Selon le Conseil national électoral (CNE), Nasry Asfura, 67 ans, ex-maire de Tegucigalpa adoubé par le président des Etats-Unis qui s'est immiscé dans cette élection, devance, avec 40,6% des voix sur un peu plus d'un tiers des bulletins dépouillés, de 1,8 point l'autre candidat de droite, le présentateur télé Salvador Nasralla, et de 21 points la candidate de la gauche au pouvoir, Rixi Moncada.
Ces trois candidats sur les cinq en lice étaient donnés au coude-à-coude dans les sondages.
Quelque 6,5 millions de Honduriens étaient appelés à élire, sur un seul tour, le successeur de la présidente Xiomara Castro, ainsi que 128 députés et des centaines de maires pour les quatre prochaines années.
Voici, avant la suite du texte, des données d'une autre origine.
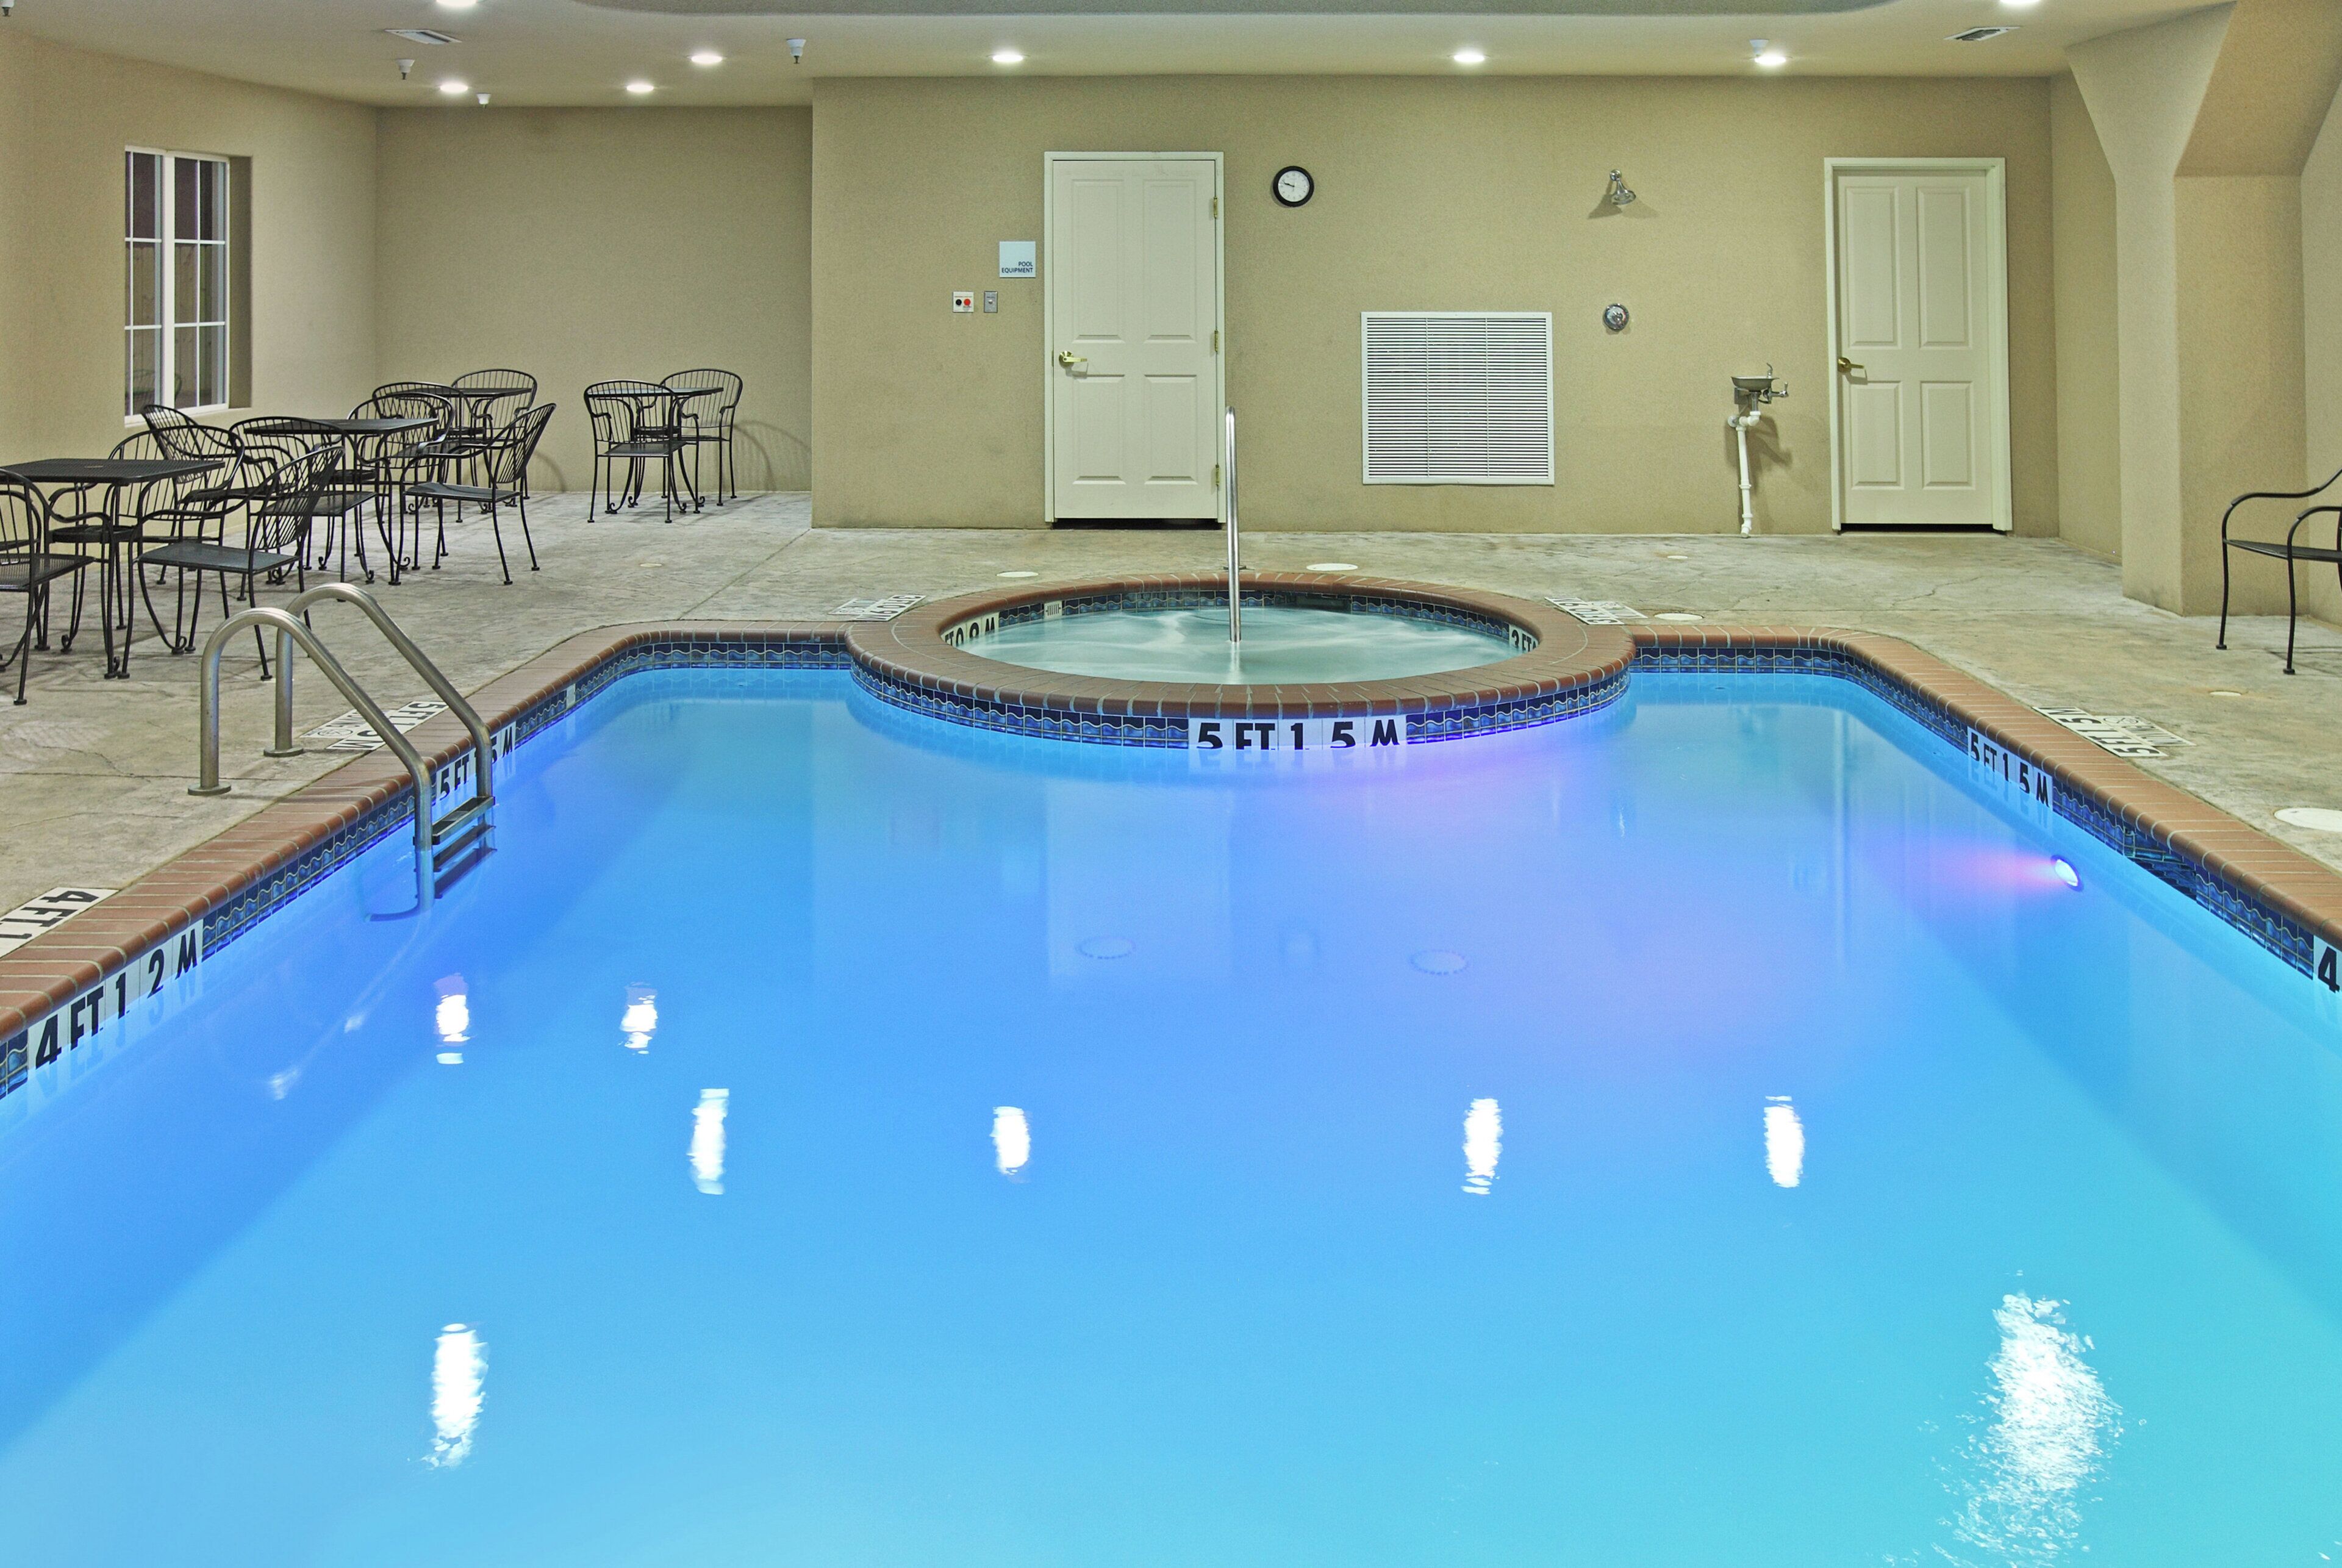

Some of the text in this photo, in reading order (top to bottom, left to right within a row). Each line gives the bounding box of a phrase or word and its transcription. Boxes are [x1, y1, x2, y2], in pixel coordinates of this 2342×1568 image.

[440, 767, 451, 801] 5
[502, 726, 513, 758] M
[1196, 722, 1223, 749] 5
[1330, 721, 1356, 748] 5
[1370, 719, 1401, 747] M
[1971, 732, 1980, 762] 5
[2019, 762, 2030, 794] 5
[2036, 772, 2050, 808] M
[39, 890, 100, 903] 4
[35, 1014, 62, 1070] 4
[147, 949, 165, 999] 2
[174, 928, 198, 981] M
[2318, 946, 2340, 993] 4
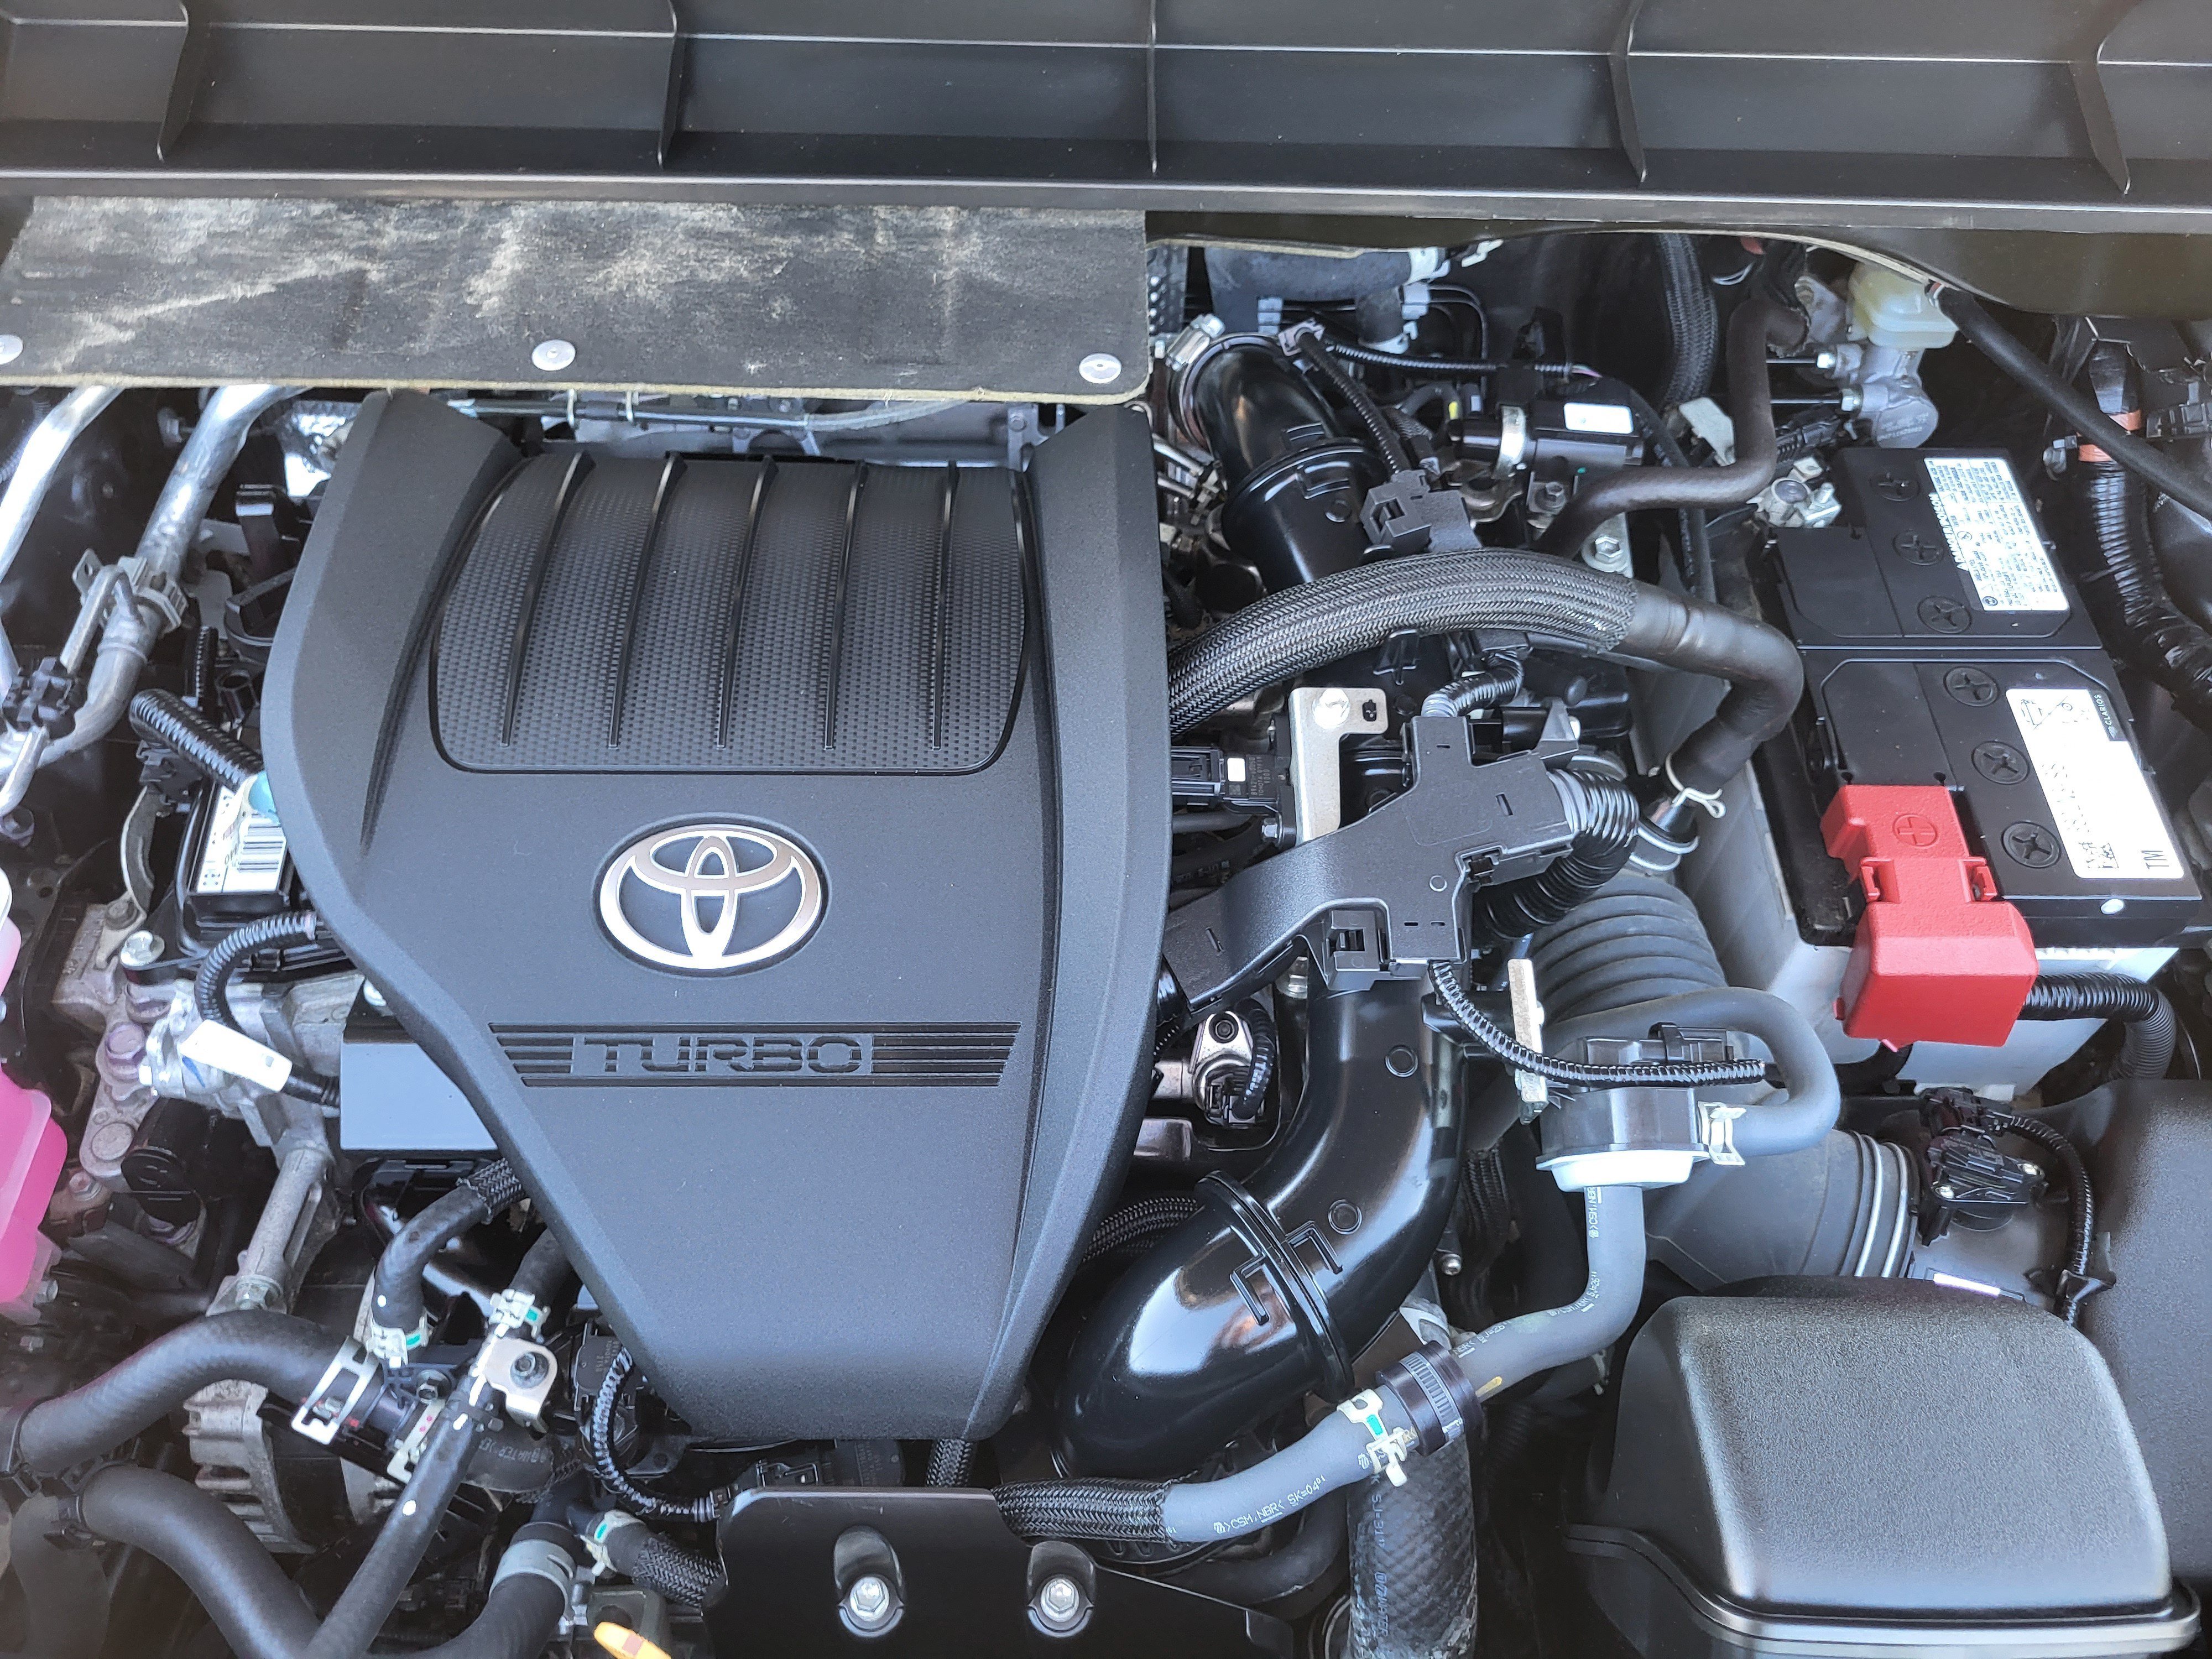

Donald Trump a adopté une position interventionniste en Amérique latine, n'hésitant pas à conditionner l'aide américaine à la bonne volonté des gouvernements et à ses affinités avec leurs dirigeants.
Il a assuré que "s'il (Asfura) ne remporte pas les élections, les Etats-Unis ne gaspilleront pas leur argent".
Non seulement le président américain a qualifié Nasry Asfura de "seul vrai ami de la liberté", mais il a assuré qu'il "ne pourrait pas travailler" avec Rixi Moncada, 60 ans, "et les communistes" et qu'il ne faisait "pas confiance" à Salvador Nasralla, 72 ans.
"Tito (Nasry Asfura) et moi pouvons travailler ensemble pour lutter contre les +narco-communistes+ et apporter au peuple du Honduras l'aide dont il a besoin", a écrit M. Trump sur les réseaux sociaux.
- "Grâce" d'un ancien président -
M. Asfura, entrepreneur de BTP et ancien maire de Tegucigalpa, concourt sous la bannière du parti de l'ancien président Juan Orlando Hernández (2014-2022), qui purge aux Etats-Unis une peine de 45 ans de prison pour trafic de drogue.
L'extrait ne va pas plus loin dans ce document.